Le rand s'est effondré de 3,10% face au dollar américain jeudi 12 mars 2026, poussant la paire USD/ZAR à 16,7872, tandis que la Bourse de Johannesburg ouvrait une saison des résultats annuels marquée par des mouvements violents sectoriels. L'indice JSE Top 40 a cédé 0,29% à 109 287,25 points, et l'All Share a reculé de 0,38% à 116 948,44 points, dans un marché où les valeurs minières résistaient aux turbulences géopolitiques mais où les financières domestiques subissaient la pression de la dépréciation monétaire.

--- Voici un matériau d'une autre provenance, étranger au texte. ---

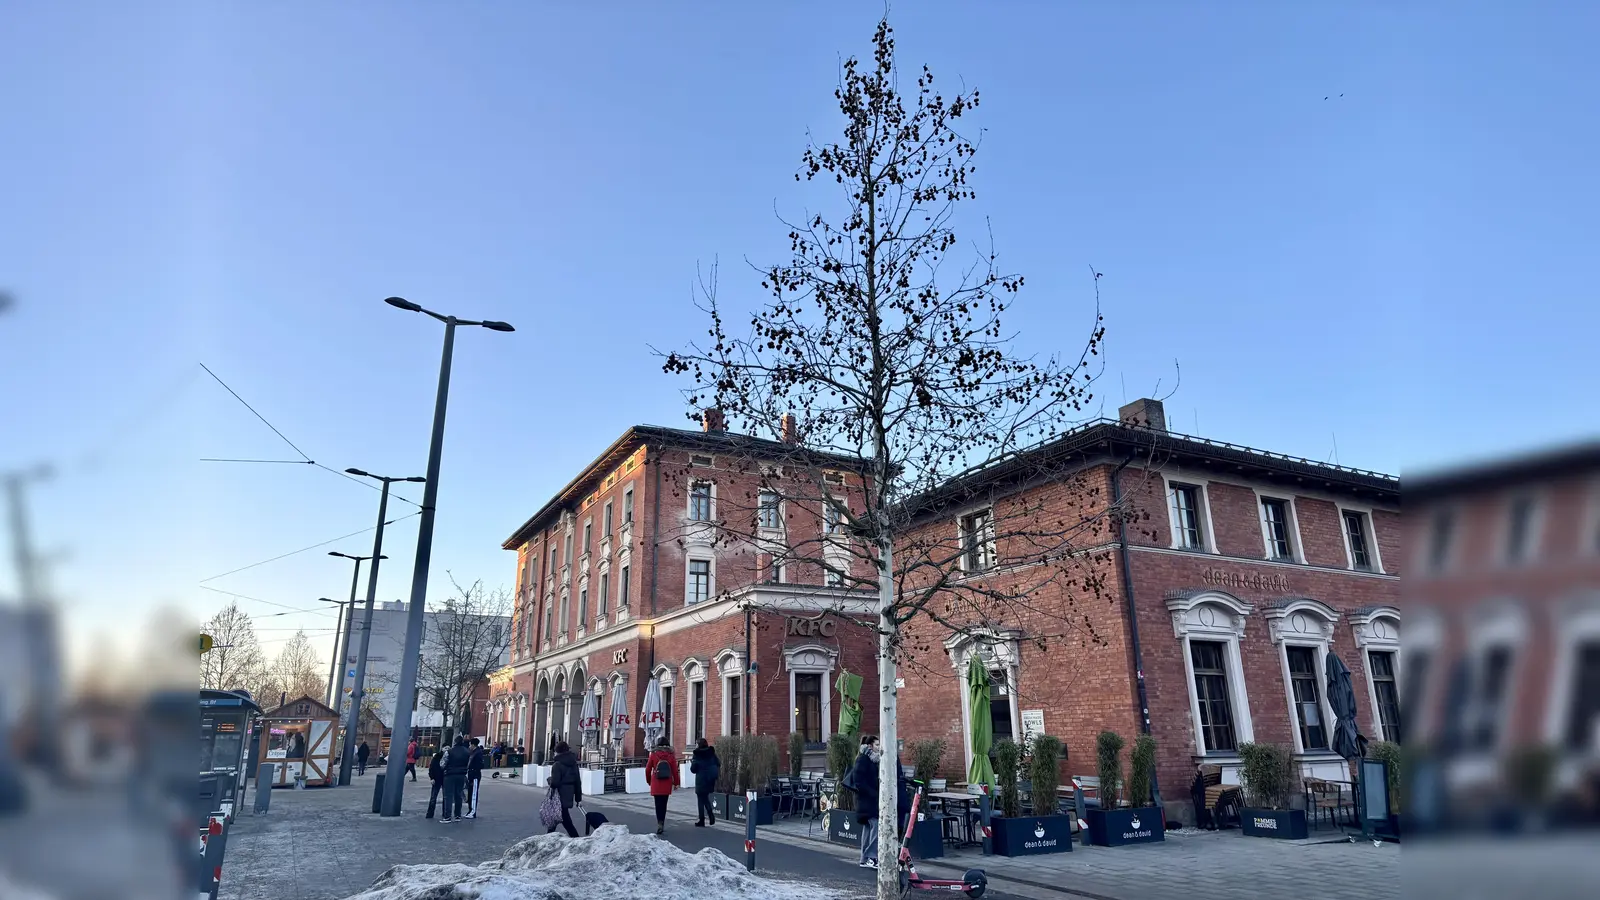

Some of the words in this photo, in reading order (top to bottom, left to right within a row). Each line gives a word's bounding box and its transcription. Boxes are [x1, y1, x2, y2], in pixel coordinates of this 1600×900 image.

Contexte de marché : une étendue mitigée dominée par la faiblesse du rand
La séance du 12 mars a rév une dispersion extrême avec 25 valeurs en hausse contre 28 en baisse sur 53 titres actifs, selon les données du Johannesburg Stock Exchange. Cette étroitesse du marché, combinée à un volume soutenu, reflète l'incertitude liée aux tensions au Moyen-Orient et à la volatilité des matières premières. Le Brent a clôturé à 96,72 dollars le baril, enregistrant un bond quotidien de 5,2% après des craintes sur les approvisionnements liées au conflit iranien, bien qu'il affiche une perte hebdomadaire de 2,3%. Parallèlement, l'or a chuté de 1,1% à 5 110,6 dollars l'once, créant un paradoxe que seuls les marchés africains savent expliquer.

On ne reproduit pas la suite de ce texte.